# What do you think of Mazuri insectivore diet?



## Littlefootsmama (May 23, 2010)

I took one of my boys to the vet this weekend and the vet recommend we try to switch our food to the Mazuri insectivore diet...I had never heard of it, so I looked it up and I was wondering what some of the more experienced breeders and owners thought about it.

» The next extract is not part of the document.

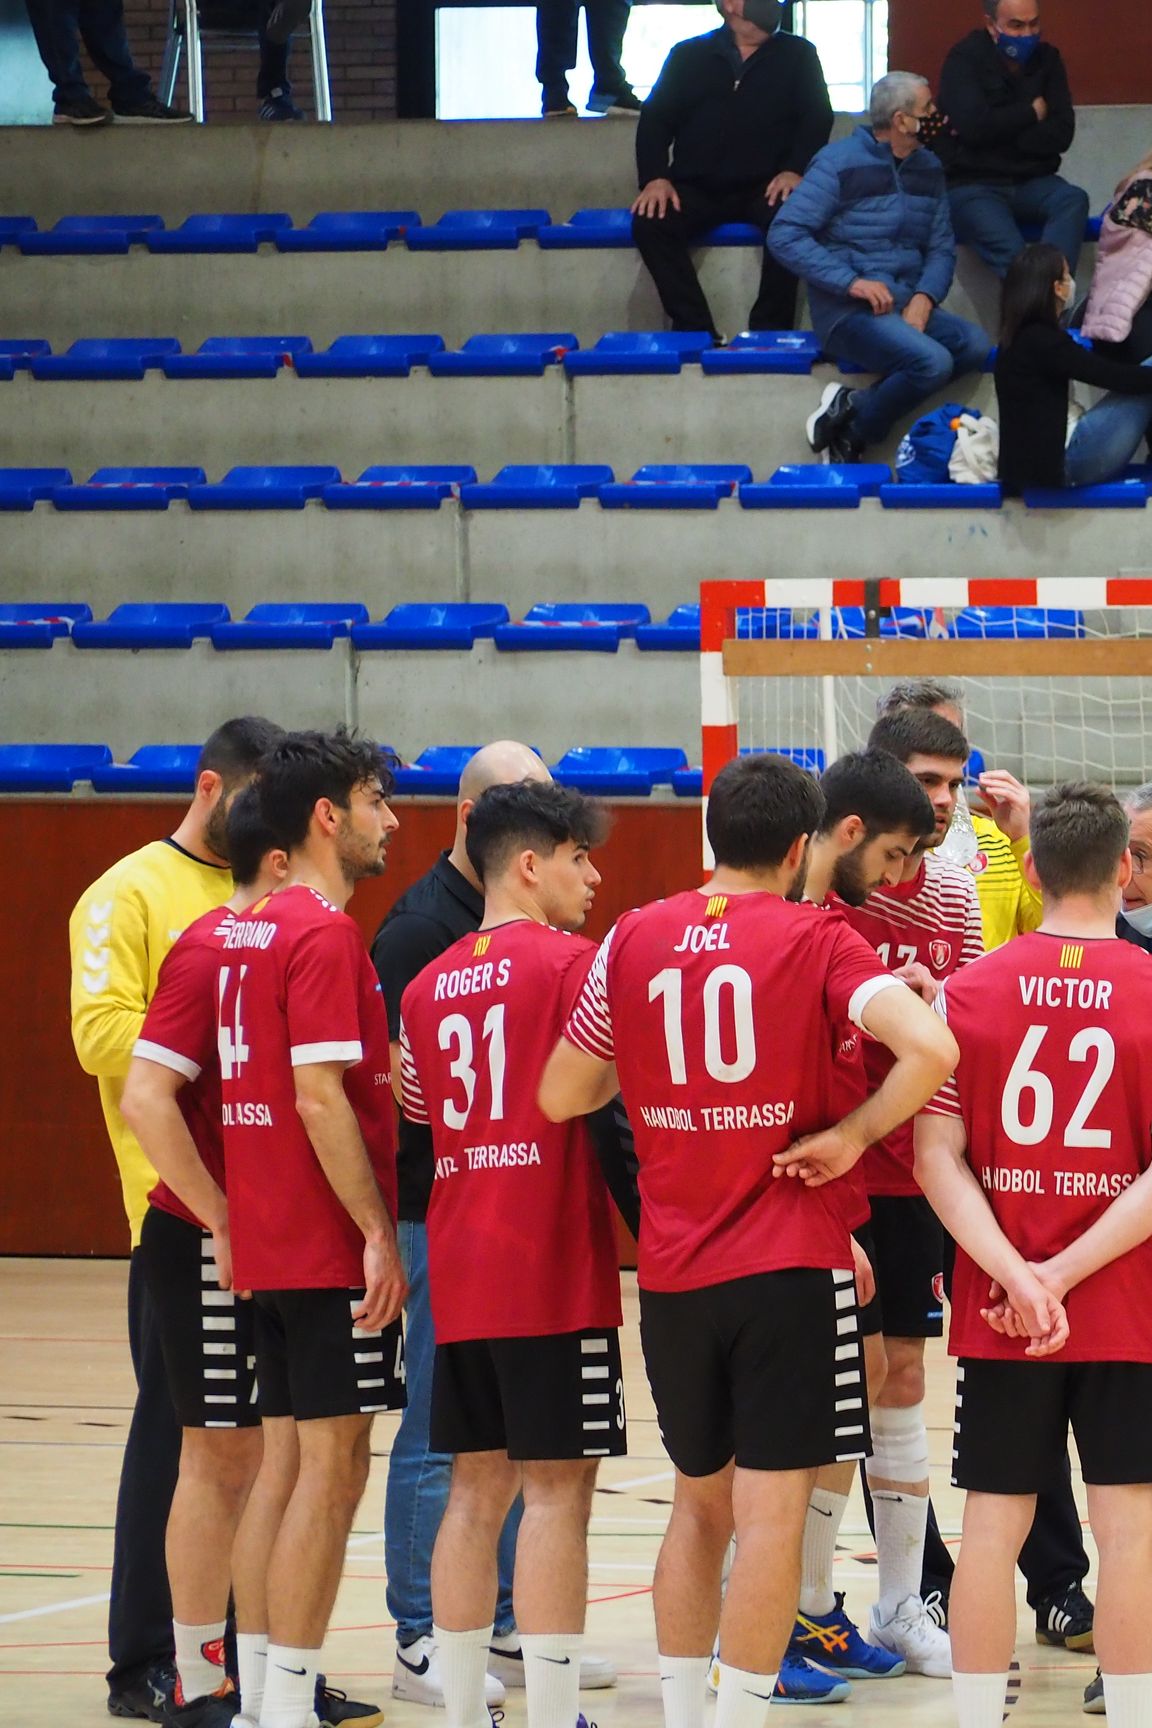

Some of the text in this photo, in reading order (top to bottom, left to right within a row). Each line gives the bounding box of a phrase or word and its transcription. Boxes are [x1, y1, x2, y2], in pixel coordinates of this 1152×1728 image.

http://www.exoticnutrition.com/insec2.html

Thanks!


----------



## Guest (Jul 18, 2011)

Littlefootsmama said:


> I took one of my boys to the vet this weekend and the vet recommend we try to switch our food to the Mazuri insectivore diet...I had never heard of it, so I looked it up and I was wondering what some of the more experienced breeders and owners thought about it.
> 
> http://www.exoticnutrition.com/insec2.html
> 
> Thanks!


No expert my problem is the first ingredient is byproduct.


----------



## CanadienHedgie (Feb 4, 2011)

_Guaranteed Analysis Crude protein not less than 28.0% Crude fat not less than 12.0% Crude fiber not more than 13.0% Ash not more than 8.0%

Ingredients *Poultry by-product meal*, poultry meal, ground brown rice, dried beet pulp, *ground wheat*, ground soybean hulls, dehulled soybean meal, *corn flour*, fructose, dried egg product, ground aspen, poultry fat preserved with ethoxyquin, *poultry digest*, powdered cellulose, dried apple pomace, animal fat preserved with BHA, *wheat* germ, dried whey, shrimp meal, fish meal, brewers dried yeast, soybean oil, fish oil, lecithin, phosphoric acid, salt, DL-methionine, taurine, potassium chloride, choline chloride, pyridoxine hydrochloride, menadione dimethylpyrimidinol bisulfite (vitamin K), d-alpha tocopheryl acetate (natural source vitamin E), thiamin mononitrate, L-ascorbyl-2-polyphosphate (vitamin C), cholecalciferol (vitamin D3), inositol, biotin, vitamin A acetate, folic acid, ethoxyquin (a preservative), riboflavin, cyanocobalamin (vitamin B12), calcium pantothenate, calcium carbonate, nicotinic acid, ferrous sulfate, copper sulfate, zinc oxide, manganous oxide, calcium iodate, ferrous carbonate, zinc sulfate, cobalt carbonate, sodium selenite._
-------------------------------
You don't want any by-products in the food, corn or wheat. The first ingredient is a by-product and there's hardly any meat in that food. Insectivores eat insects, yet there are no insects in that food. So basically, the food is crap.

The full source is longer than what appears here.